Corporate governance is a term that refers to the rules, practices and processes that govern corporations. Board directors and managers are the major players in corporate governance, but employees, vendors and other stakeholders also have a stake in corporate governance. Compliance requirements, regulations and laws ensure that corporations are fair to their shareholders, consumers and employees. Corporate governance also provides a process for corporations to compete fairly within their industries.

Corporations and industries differ in many ways. Size, assets, ownership and other issues make it impossible to enact exact rules and laws for every situation that corporations face. Corporate best practices evolved as a standard of basic principles for corporations to strive for to demonstrate that they're governing themselves well, and that they're operating with honesty, integrity and accountability.
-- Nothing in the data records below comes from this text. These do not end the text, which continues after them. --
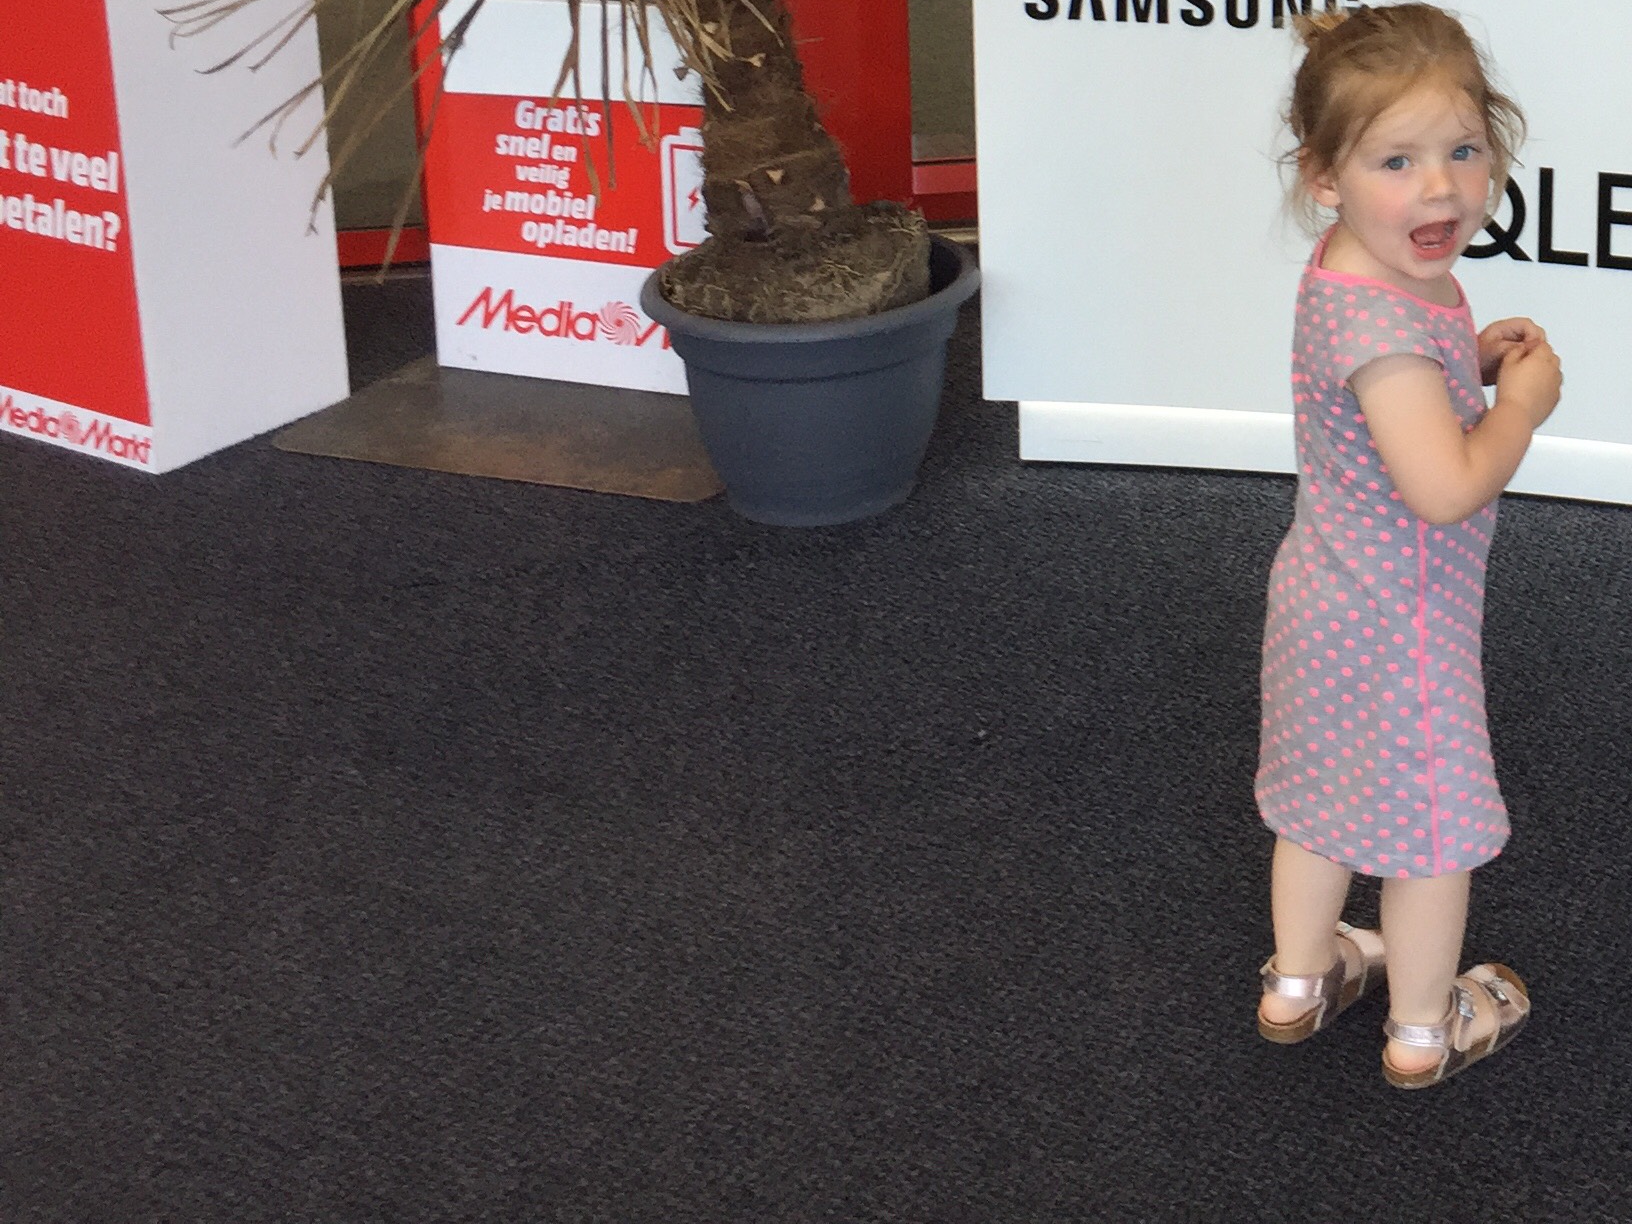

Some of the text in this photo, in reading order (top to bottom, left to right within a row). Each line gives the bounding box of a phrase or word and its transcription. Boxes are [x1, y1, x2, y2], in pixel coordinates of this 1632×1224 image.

[18, 80, 70, 120] toch
[514, 99, 602, 137] Gratis
[14, 132, 48, 178] te
[50, 146, 120, 195] veel
[495, 132, 578, 163] snel en
[515, 163, 571, 189] veilig
[482, 189, 598, 221] je mobiel
[521, 220, 639, 254] opladen!
[456, 286, 600, 342] Media
[79, 418, 153, 465] Markt
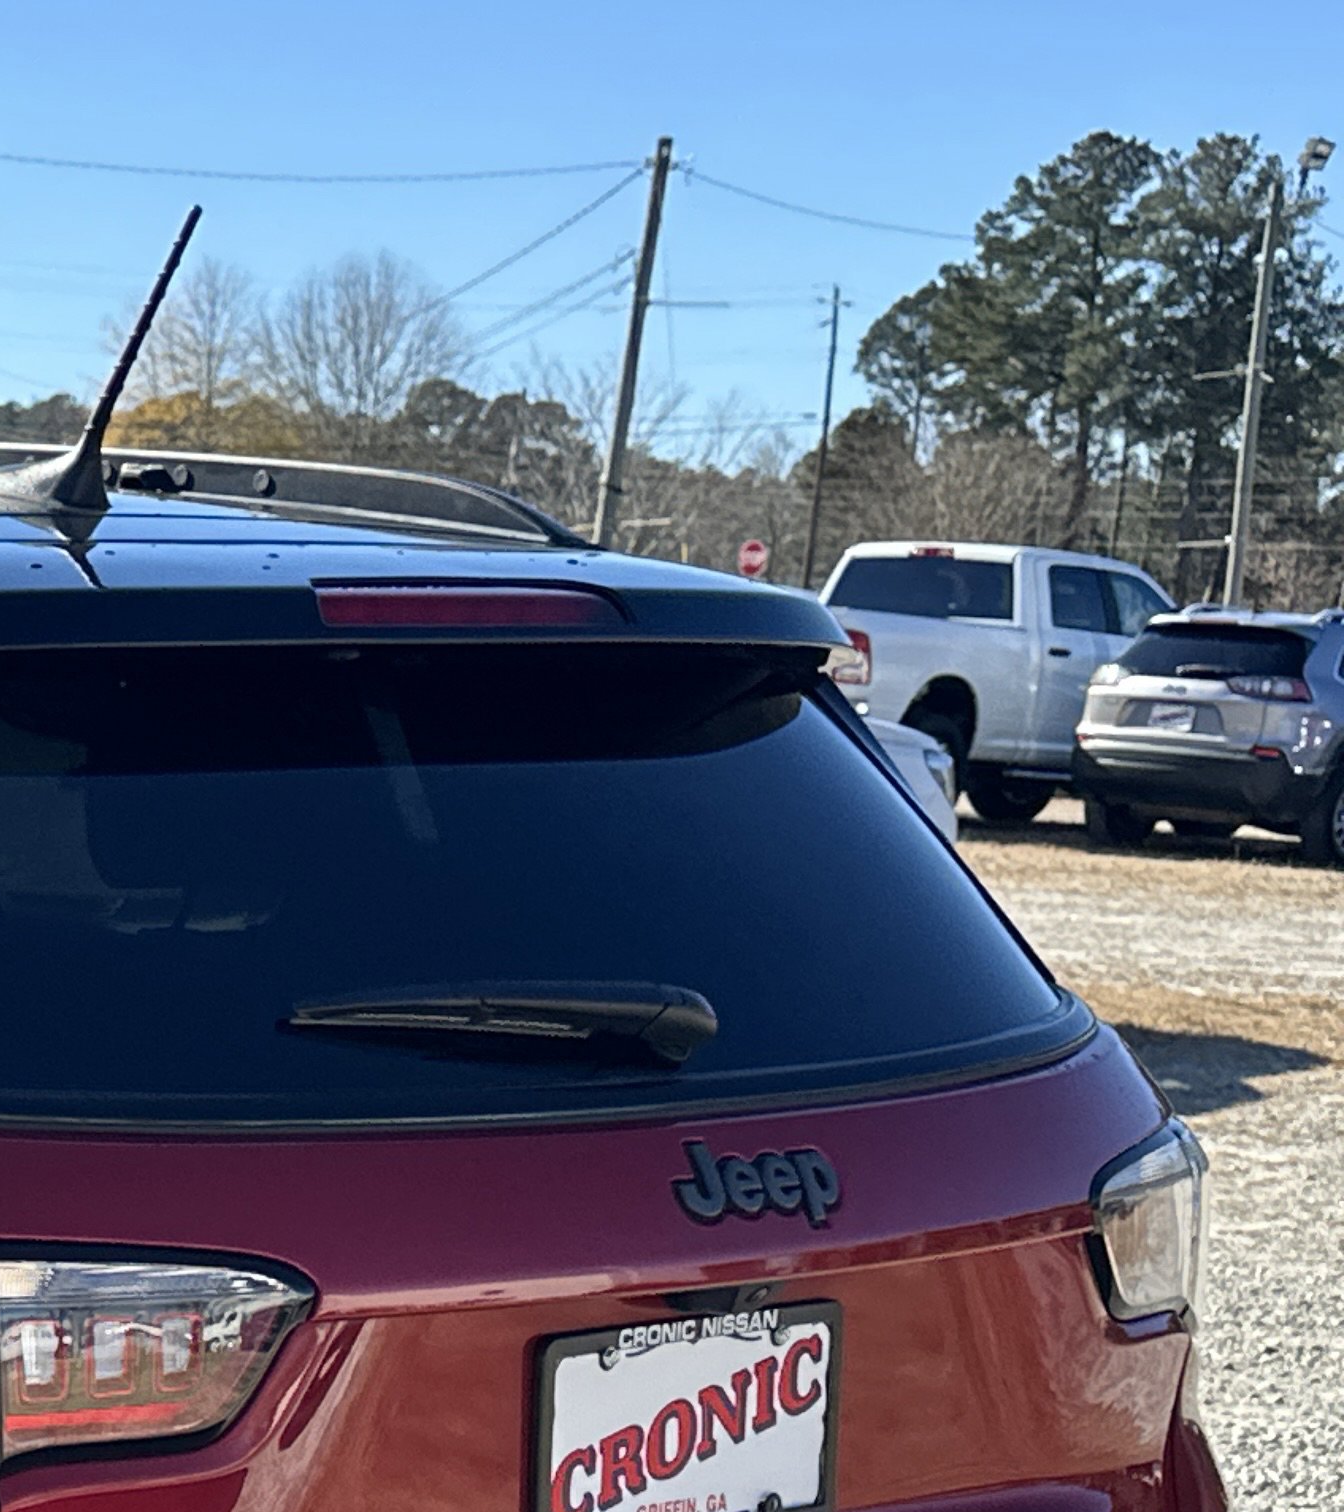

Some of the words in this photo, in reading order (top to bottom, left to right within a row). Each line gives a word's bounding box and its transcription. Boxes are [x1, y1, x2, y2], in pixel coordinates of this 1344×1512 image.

[670, 1136, 842, 1229] Jeep
[618, 1319, 697, 1350] CRONIC
[702, 1309, 779, 1338] NISSAN
[706, 1493, 727, 1512] GA
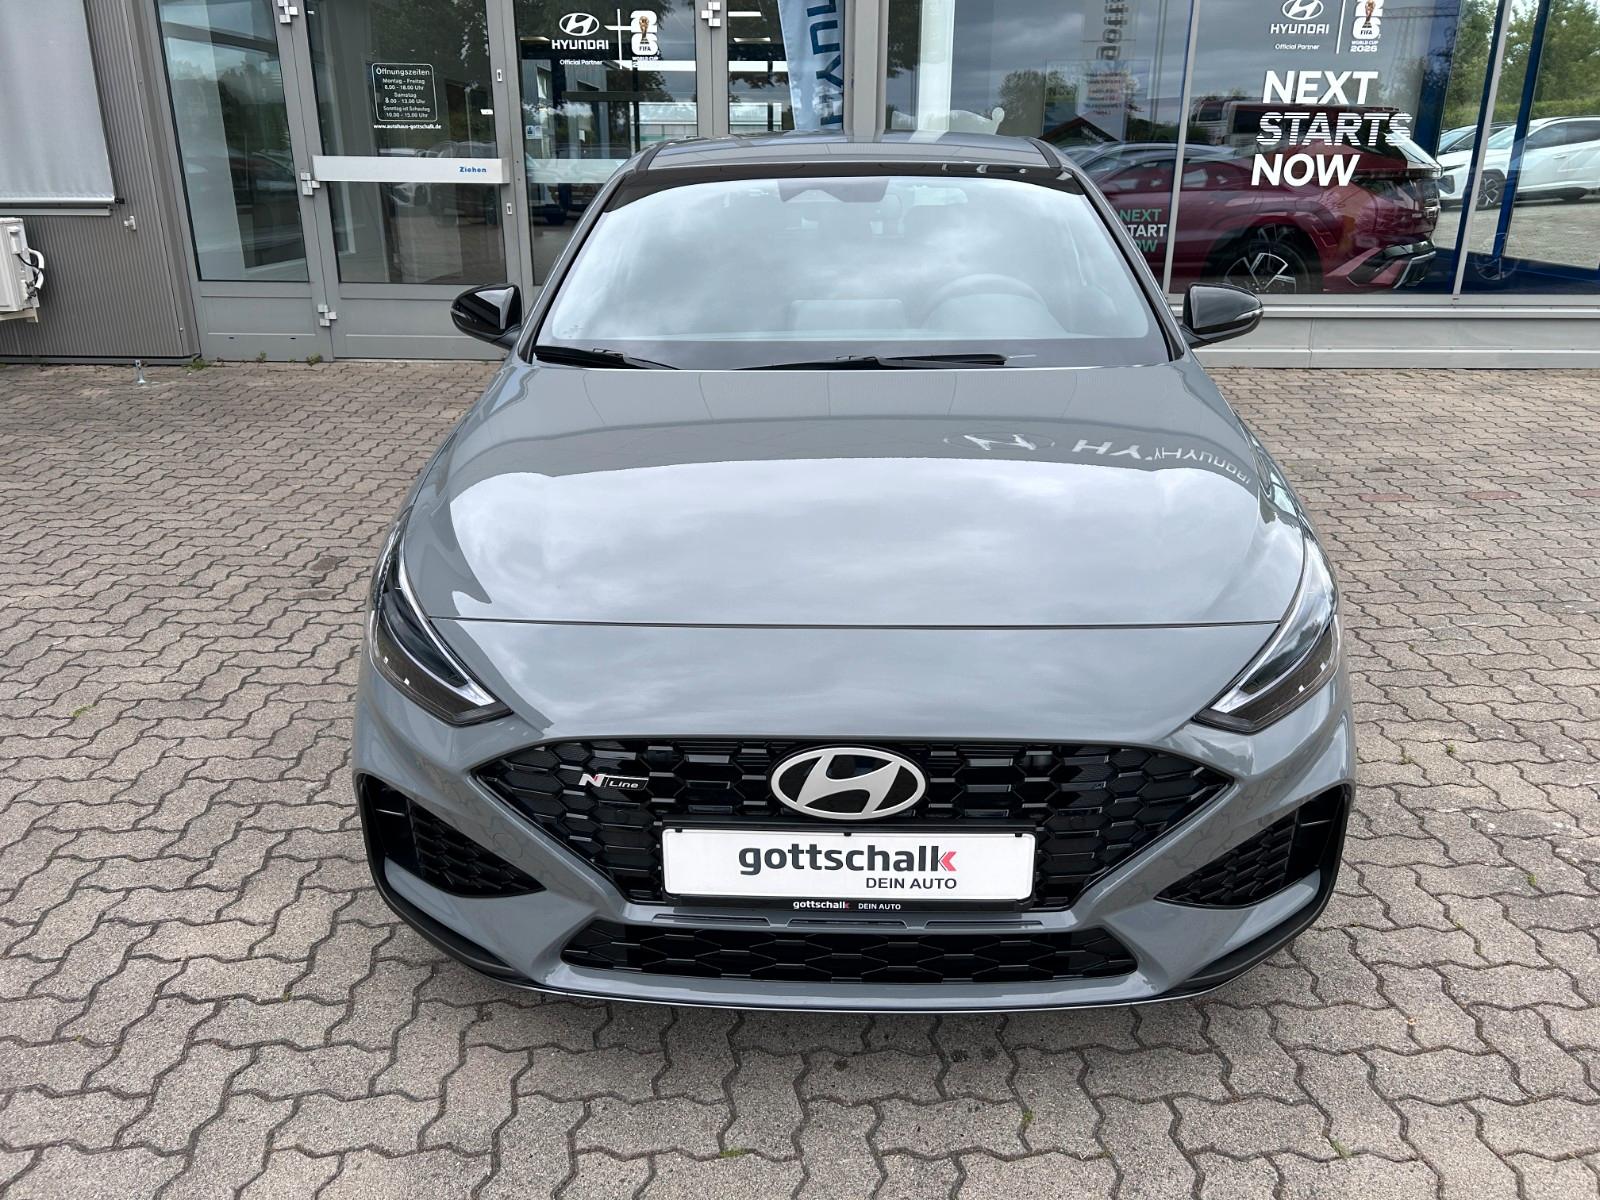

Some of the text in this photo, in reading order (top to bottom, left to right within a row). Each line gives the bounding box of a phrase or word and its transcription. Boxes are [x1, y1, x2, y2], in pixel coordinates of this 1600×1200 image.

Despite the difference between corporate governance and corporate social responsibility, corporate social responsibility holds a prominent place for many corporations under the umbrella of good corporate governance. Corporate social responsibility isn't a requirement, or even an expectation, for corporate boards. Yet, many corporate boards find that it's in the corporation's best interests to become involved with corporate social responsibility on some level. Corporations may demonstrate their support by investing in financial resources, promoting social messages and, in some cases, becoming bold activists.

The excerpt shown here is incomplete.